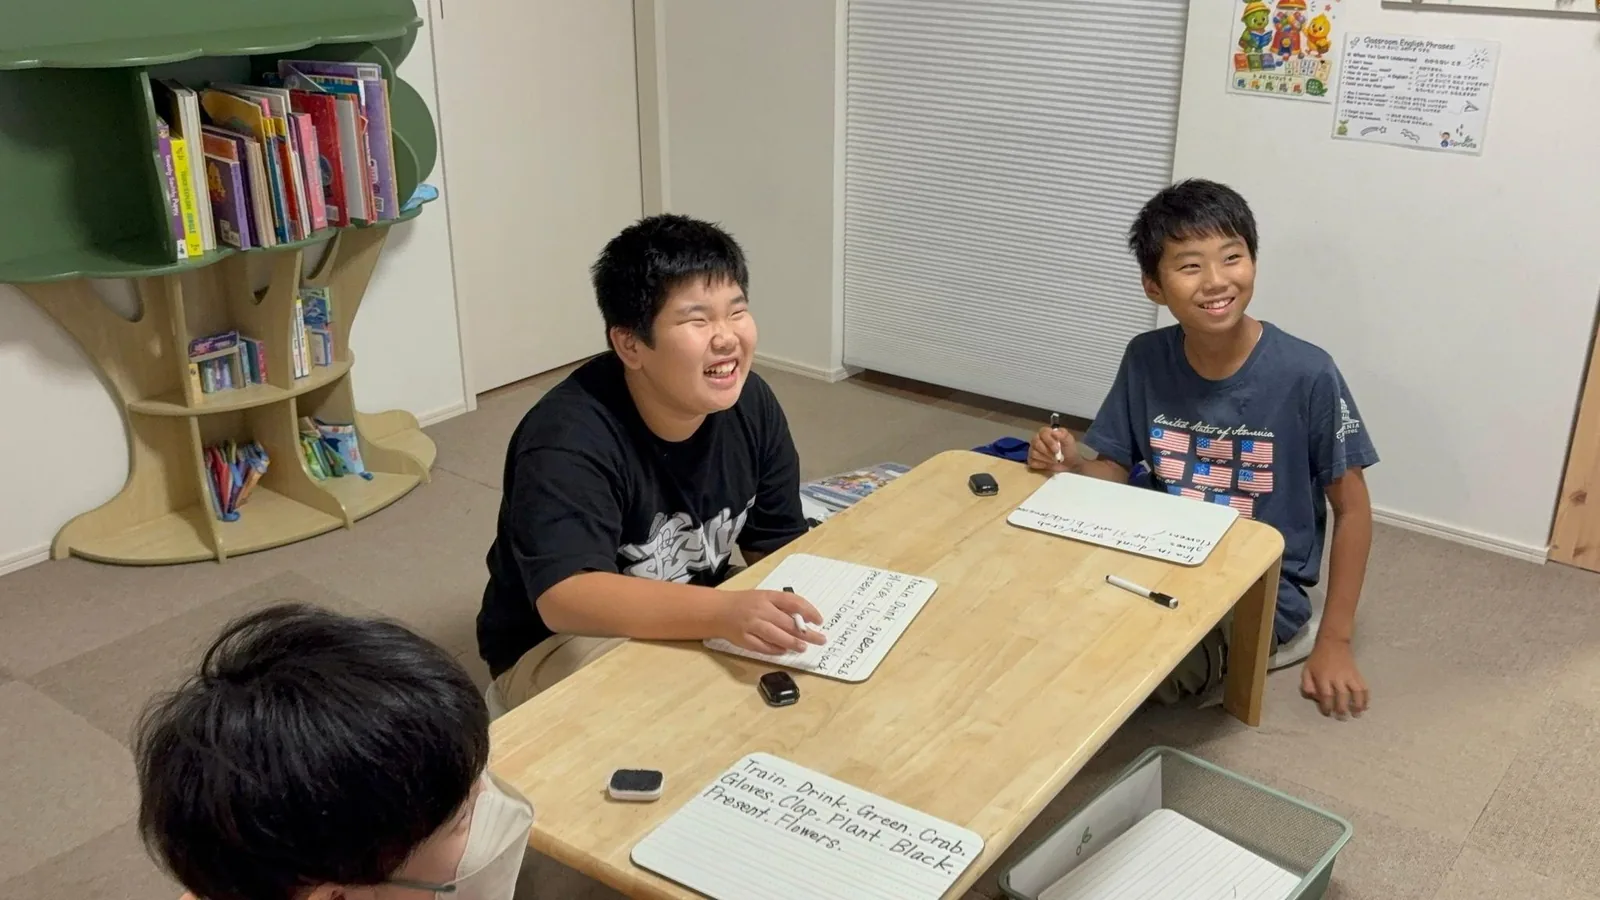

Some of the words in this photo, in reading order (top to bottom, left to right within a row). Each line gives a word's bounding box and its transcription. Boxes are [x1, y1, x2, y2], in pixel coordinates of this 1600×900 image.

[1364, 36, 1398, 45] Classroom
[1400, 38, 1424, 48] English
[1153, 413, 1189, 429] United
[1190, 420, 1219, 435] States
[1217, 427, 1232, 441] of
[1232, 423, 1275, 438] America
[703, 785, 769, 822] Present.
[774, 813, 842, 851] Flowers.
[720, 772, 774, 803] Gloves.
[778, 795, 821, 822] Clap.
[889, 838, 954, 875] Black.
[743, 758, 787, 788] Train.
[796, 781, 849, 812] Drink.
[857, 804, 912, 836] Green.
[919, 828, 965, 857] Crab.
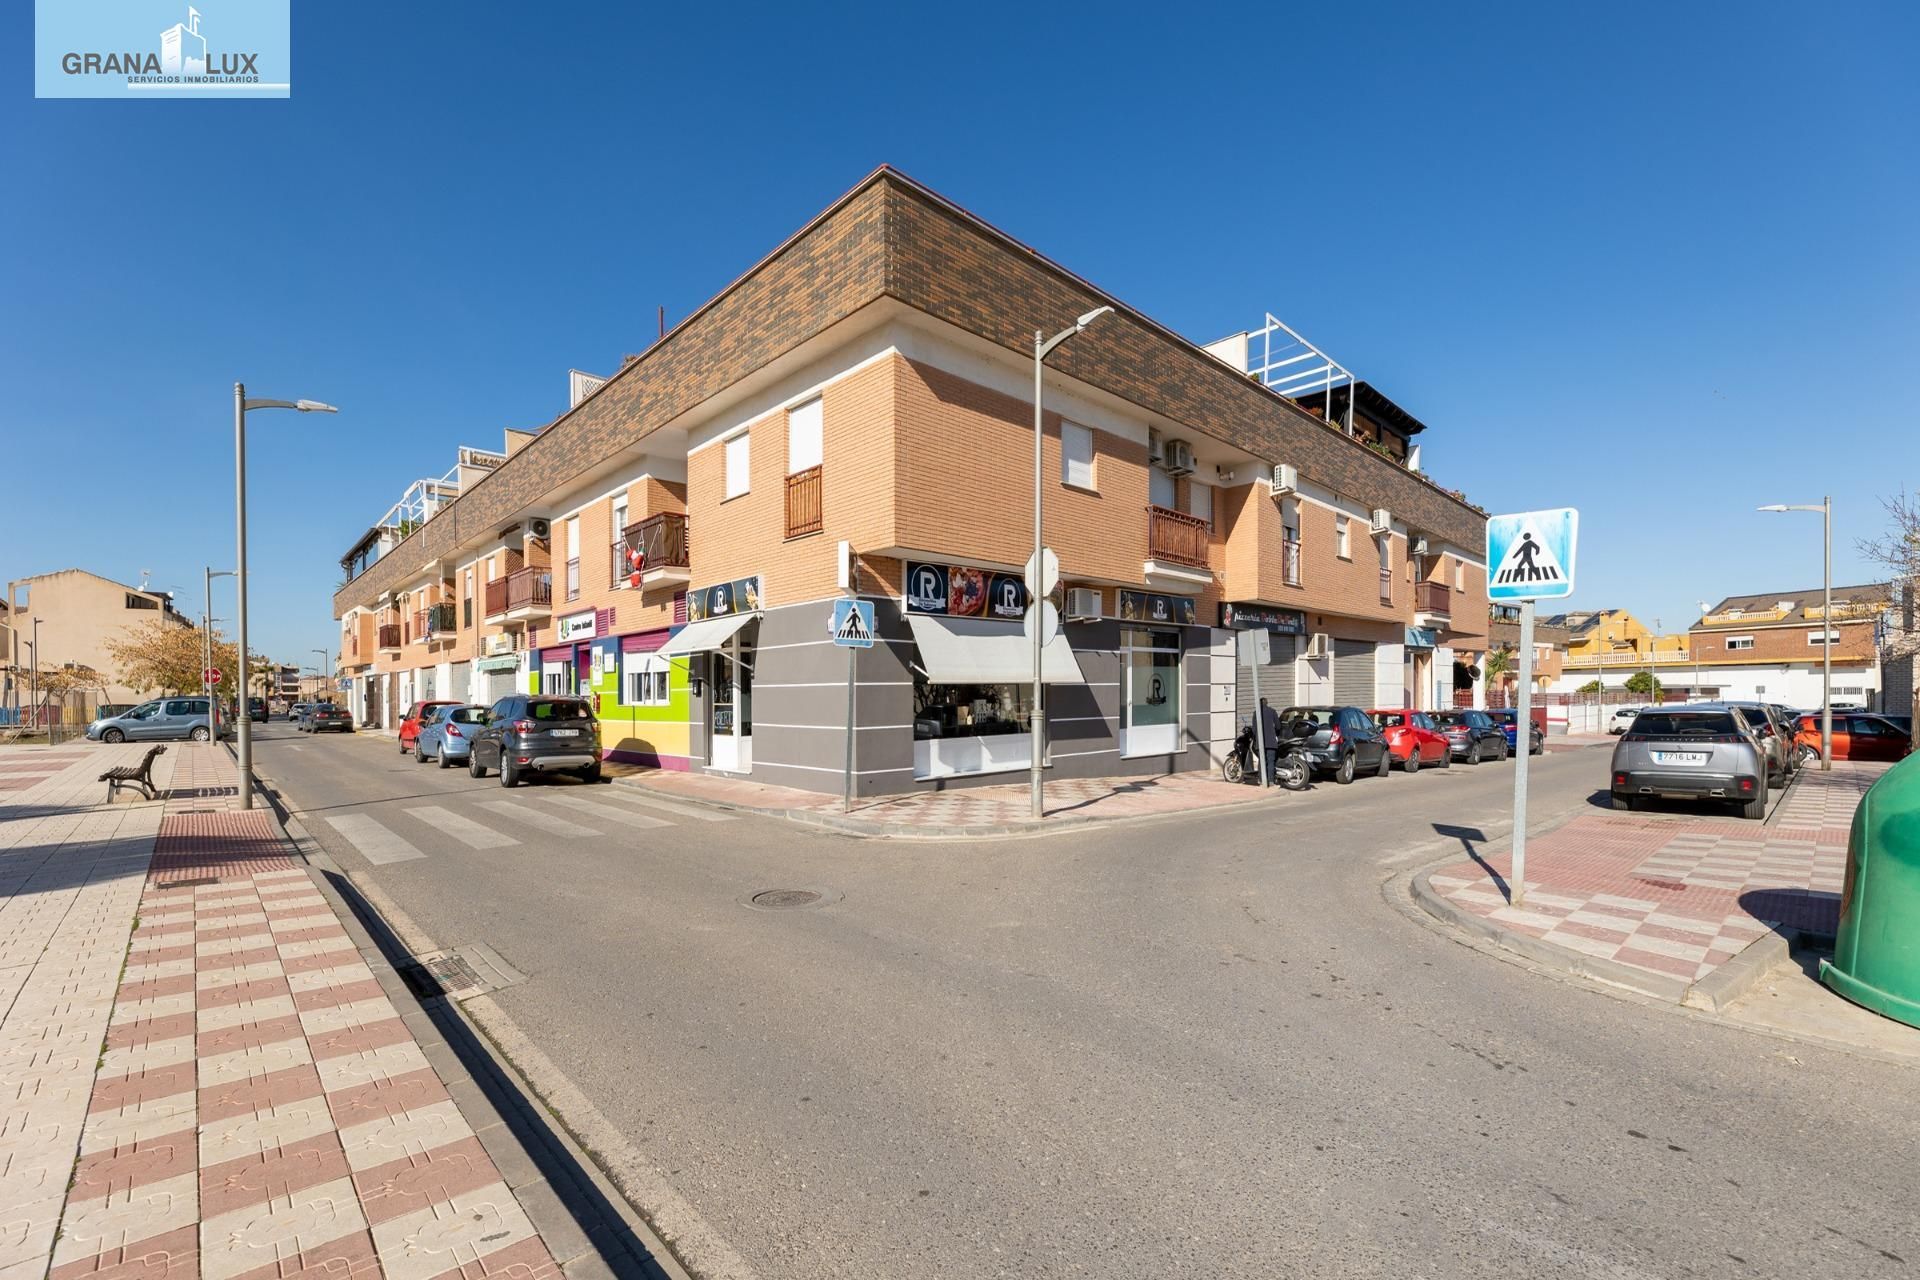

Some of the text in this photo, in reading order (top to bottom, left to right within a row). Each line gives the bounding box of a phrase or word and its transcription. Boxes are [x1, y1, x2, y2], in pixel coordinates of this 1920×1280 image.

→ WORK INSTRUCTIONS
The entries should be printed again exactly as written, leaving all pictures out.

→ EXERCISE RESPONSE
Some of the words in this photo, in reading order (top to bottom, left to right within a row). Each line gives a word's bounding box and its transcription. Boxes are [x1, y1, x2, y2], in pixel coordinates of this 1600×900 image.

[1364, 36, 1398, 45] Classroom
[1400, 38, 1424, 48] English
[1153, 413, 1189, 429] United
[1190, 420, 1219, 435] States
[1217, 427, 1232, 441] of
[1232, 423, 1275, 438] America
[703, 785, 769, 822] Present.
[774, 813, 842, 851] Flowers.
[720, 772, 774, 803] Gloves.
[778, 795, 821, 822] Clap.
[889, 838, 954, 875] Black.
[743, 758, 787, 788] Train.
[796, 781, 849, 812] Drink.
[857, 804, 912, 836] Green.
[919, 828, 965, 857] Crab.

Some of the text in this photo, in reading order (top to bottom, left to right within a row). Each line gives the bounding box of a phrase or word and its transcription. Boxes are [x1, y1, x2, y2], in pixel coordinates of this 1920×1280 image.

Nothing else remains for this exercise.